Figure 1. Variation of molecular markers of oxidation with days of aging of LTL muscle from Braford steers aged in vacuum packages at 2°C and fed ad libitum grass (P) or grass-supplemented with corn silage (PS). (A) Protein carbonyls (-C=O), (B) lipid hydroperoxides (ROOH), (C) lipid degradation malondialdehyde (MDA), and (D) mean values during aging for relative change in each molecular marker of meat oxidation.

On the other hand, Insani et al. (2008) observed that samples of psoas major muscle from British x Indicus steers aged 9 days exhibited heigher levels of lipid and protein oxidation in comparison to fresh meat. Furthermore, they noted a higher carbonyl concentration in supplemented animals than in pasture-finished animals. Additionally, elevated levels of protein, carbonyl groups, and MDA were observed in steaks aged for 14 days in the biceps femoris muscle of Aberdeen Angus steers, compared to steaks aged for 2 days (Terevinto et al., 2015). This follows the established phenomenon of oxidative stress occurring in proteins and lipids during post-mortem aging, which results in the expected increase in protein and lipid oxidation (Echegaray et al., 2021).

Reducing and antioxidant capacity

Figure 2, Supplementary Table S1 illustrate the variation in reducing and antioxidant capacities of LTL muscle samples during the specified storage conditions. The results show that corn silage supplementation did not adversely affect the overall antioxidant status of meat. However, a comparison of TPC, determined by the Folin-Ciocalteu assay and the dye radical scavenging tests, during the aging period of the meat samples shows a different behavior depending on the type of solvent extraction. In the case of the hydrophilic fraction of the meat, the TPC value exhibited a slight decrease with the passage of aging days (Figure 2A), while the total antioxidant capacity for the scavenging of DPPH^• and ABTS^•+ radicals increased (Figures 2B, C). As the TPC is a measure of the electron-donating capacity of the sample, the scavenging mechanism of both dye radicals involves a mixture of reactions based on hydrogen atom transfer (HAT) and electron transfer (ET) (Echegaray et al., 2021). It can be hypothesized that the aging of meat may result in the formation of hydrophilic hydrogen donor compounds, as opposed to electron donors. Conversely, the radical scavenging capacity of the lipophilic fraction was observed to diminish with the passage of aging days (Figures 2B, C).
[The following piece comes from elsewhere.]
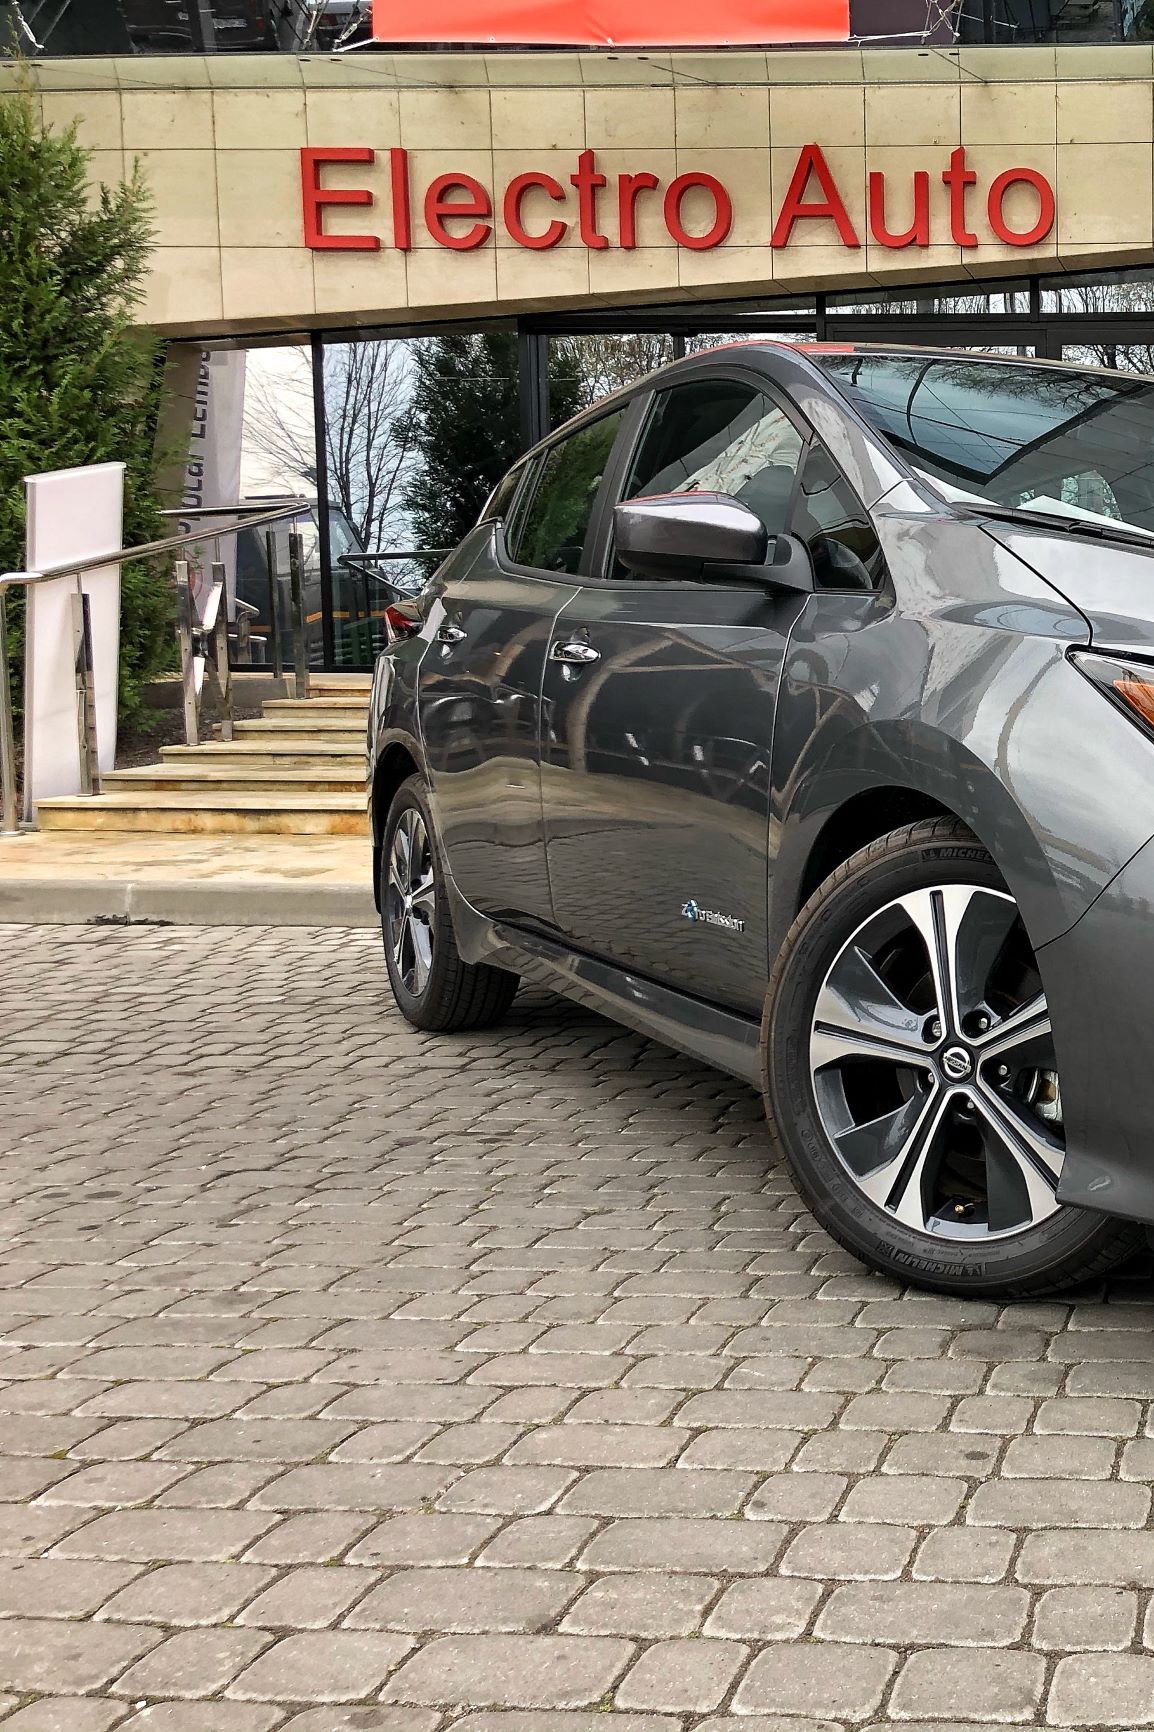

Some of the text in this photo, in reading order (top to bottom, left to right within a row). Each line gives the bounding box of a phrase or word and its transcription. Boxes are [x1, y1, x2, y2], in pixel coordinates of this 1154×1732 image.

This finding follows the results obtained, which indicated a higher radical-mediated lipid degradation reaction than protein carbonylation production (Figure 1D). The aforementioned outcomes follow those previously documented by Feidt et al. (1996) who demonstrated that beef, the liberation of free amino acids in beef increases with storage duration and that the concentration of hydrophilic antioxidants increases at a greater rate than that of lipophilic antioxidants as a consequence of cell-matrix fragmentation and protein breakdown.

Figure 2

Figure 2. Variation in antioxidant capacity with days of aging of LTL muscle from Braford steers stored in a vacuum package at 2°C fed ad libitum grass (P) or grass supplemented with corn silage (PS). (A) Total phenolic content (TPC) expressed as gallic acid equivalents (GAE), (B) DPPH: 2,2-diphenyl-1-picrylhydrazyl radical scavenging assay expressed as Trolox equivalents (TX) and (C) ABTS: 2,2’-azino-bis(3-ethylbenzothiazoline-6-sulfonic acid) radical scavenging assay expressed as TX.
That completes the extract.